[Collected data]
◆ ◆ ◆ ◆ ◆ ◆ ◆

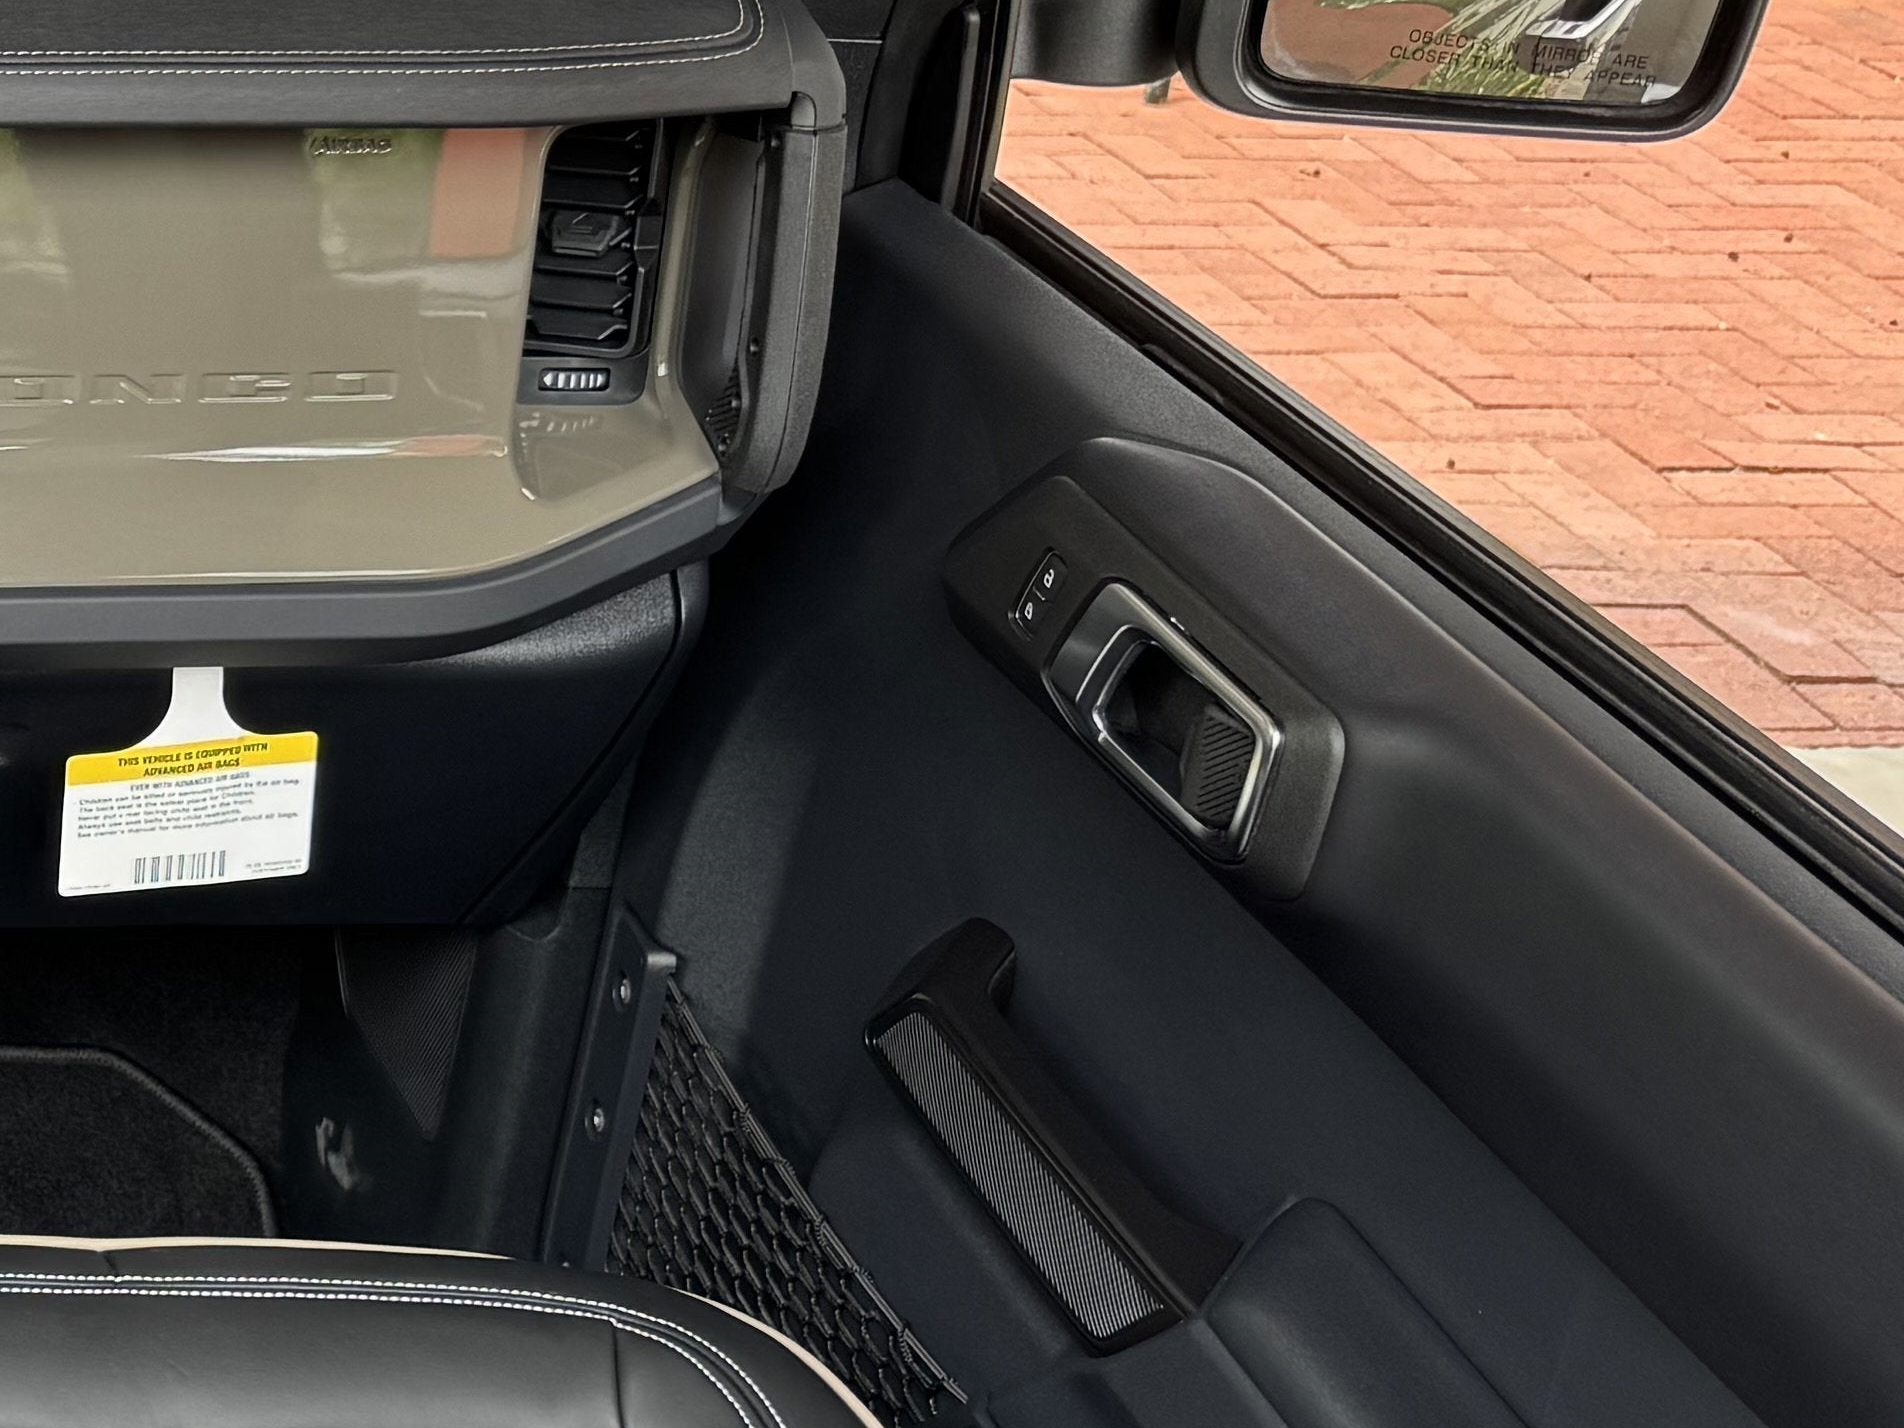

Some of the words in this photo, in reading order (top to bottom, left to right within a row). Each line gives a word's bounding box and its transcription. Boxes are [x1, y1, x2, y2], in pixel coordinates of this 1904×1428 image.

[1409, 29, 1490, 52] OBJECTS
[1503, 39, 1519, 54] IN
[1531, 42, 1598, 64] MIRROR
[1612, 53, 1649, 69] ARE
[1389, 45, 1461, 66] CLOSER
[1472, 55, 1520, 73] THAN
[1532, 62, 1574, 80] THEY
[1584, 70, 1657, 88] APPEAR
[118, 757, 139, 767] THIS
[142, 752, 182, 764] VEHICLE
[184, 752, 193, 760] IS
[196, 746, 242, 759] EQUIPPED
[243, 742, 268, 752] WITH
[143, 764, 195, 777] ADVANCED
[196, 761, 213, 771] AIR
[215, 758, 240, 768] BAGS
[130, 784, 150, 792] EVEN
[174, 777, 214, 787] ADVANCED
[215, 774, 228, 782] AIR

◆ ◆ ◆ ◆ ◆ ◆ ◆

Exercise instructions >> Print every record above exactly as written, leaving out the pictures.

Response area >>
Some of the words in this photo, in reading order (top to bottom, left to right within a row). Each line gives a word's bounding box and its transcription. Boxes are [x1, y1, x2, y2], in pixel coordinates of this 1904×1428 image.

[1409, 29, 1490, 52] OBJECTS
[1503, 39, 1519, 54] IN
[1531, 42, 1598, 64] MIRROR
[1612, 53, 1649, 69] ARE
[1389, 45, 1461, 66] CLOSER
[1472, 55, 1520, 73] THAN
[1532, 62, 1574, 80] THEY
[1584, 70, 1657, 88] APPEAR
[118, 757, 139, 767] THIS
[142, 752, 182, 764] VEHICLE
[184, 752, 193, 760] IS
[196, 746, 242, 759] EQUIPPED
[243, 742, 268, 752] WITH
[143, 764, 195, 777] ADVANCED
[196, 761, 213, 771] AIR
[215, 758, 240, 768] BAGS
[130, 784, 150, 792] EVEN
[174, 777, 214, 787] ADVANCED
[215, 774, 228, 782] AIR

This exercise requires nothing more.